Genetic liability to obesity and peptic ulcer disease: a Mendelian randomization study

Abstract

Background: Epidemiological evidence relating obesity to peptic ulcer disease (PUD) has been mixed. Here we sought to determine the causality in the association of obesity with PUD risk using the Mendelian randomization (MR) approach. Methods: This study was based on summary-level data for body mass index (BMI), waist-to-hip ratio (WHR), and PUD derived from large genome-wide association studies (GWASs). Single nucleotide polymorphisms significantly associated with BMI and WHR (P < 5 × 10–8) were leveraged as instrumental variables.
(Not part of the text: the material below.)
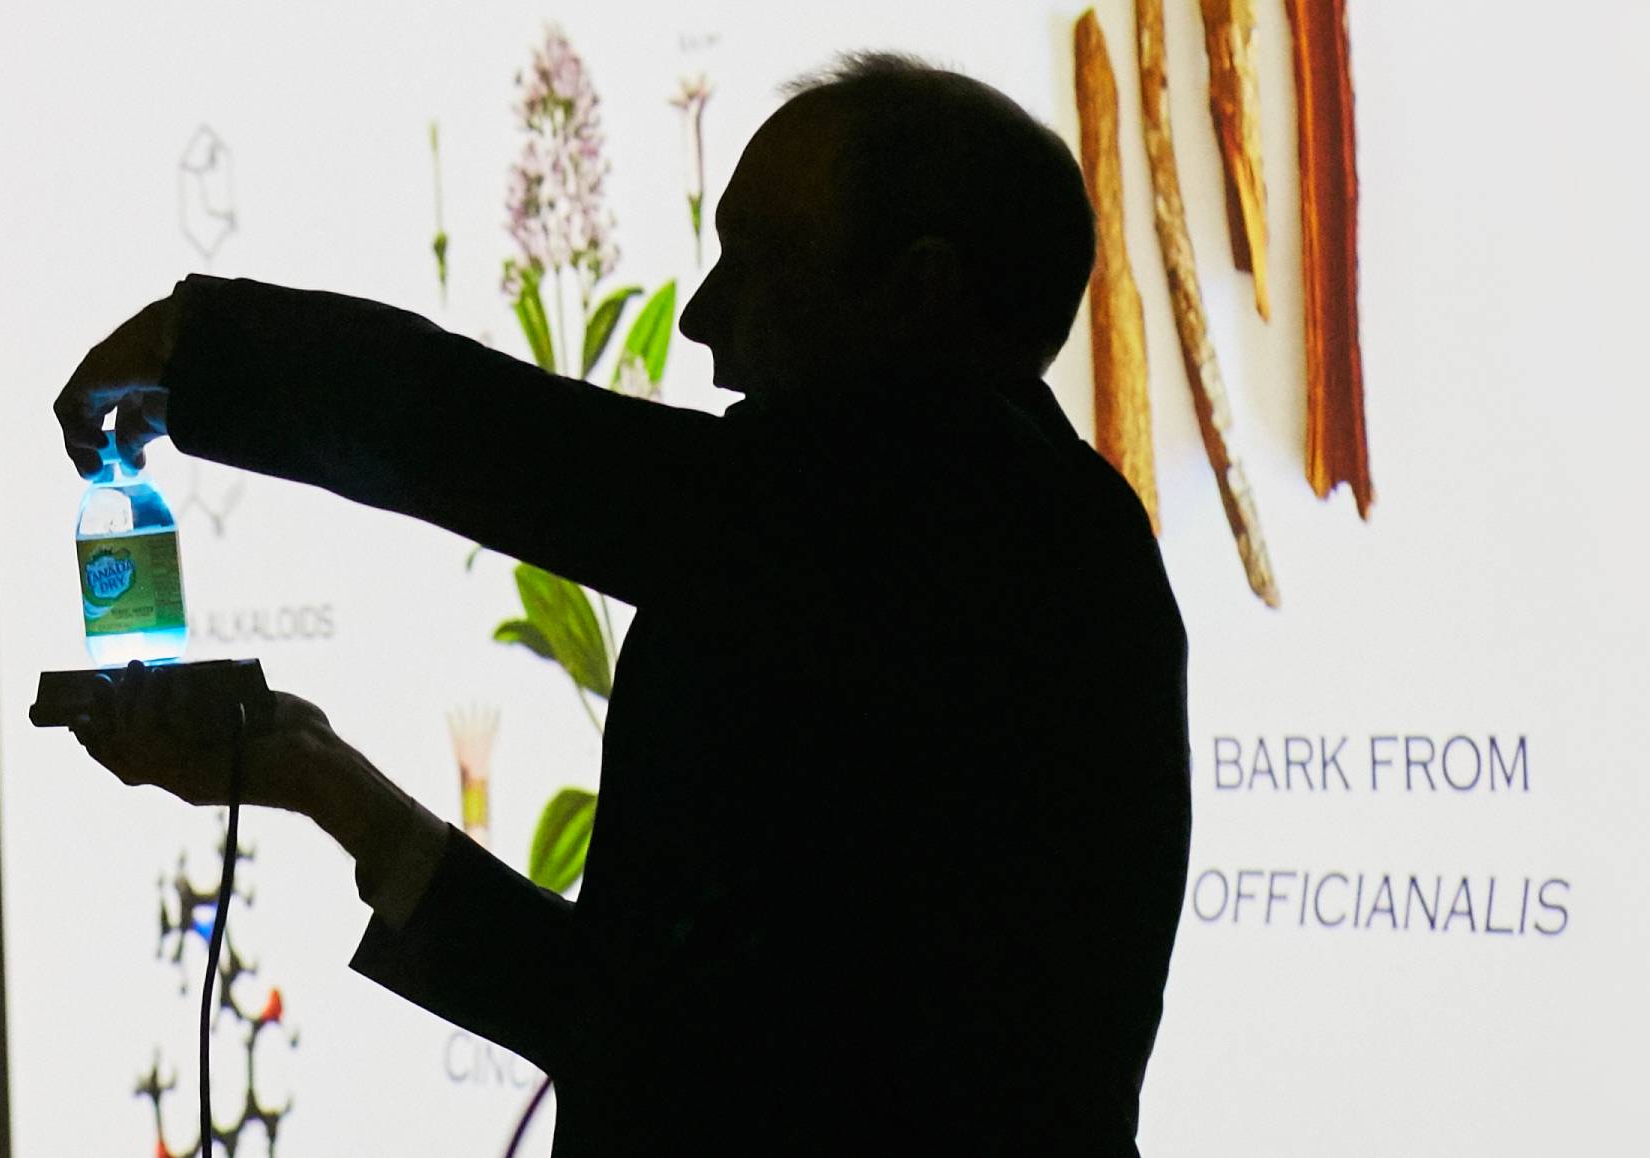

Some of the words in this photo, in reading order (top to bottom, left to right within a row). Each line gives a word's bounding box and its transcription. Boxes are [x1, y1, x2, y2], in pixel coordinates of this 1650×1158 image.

Causal estimates were pooled using several meta-analysis methods. In addition, multivariable MR was employed to account for covariation between BMI and WHR, as well as to explore potential mediators. Results: Genetically predicted higher BMI has a causal effect on PUD, with an OR of 1.34 per SD increase in BMI (~ 4.8 kg/m2) (P = 9.72 × 10–16). Likewise, there was a 35% higher risk of PUD (P = 2.35 × 10–10) for each SD increase in WHR (0.09 ratio). Complementary analyses returned consistent results. Multivariable MR demonstrated that adjustment for WHR largely attenuated the BMI-PUD association. However, the causal association of WHR with PUD risk survived adjustment for BMI. Both the associations remained robust upon adjustment for several traditional risk factors. Replication analyses using different instrumental variants further strengthened the causal inference. Besides, we found no evidence for the causal association in the reverse analyses from PUD to BMI/WHR. Conclusions: This MR study revealed that obesity (notably abdominal obesity) is causally associated with higher PUD risk. Programs aimed at weight loss may represent therapeutic opportunities for PUD.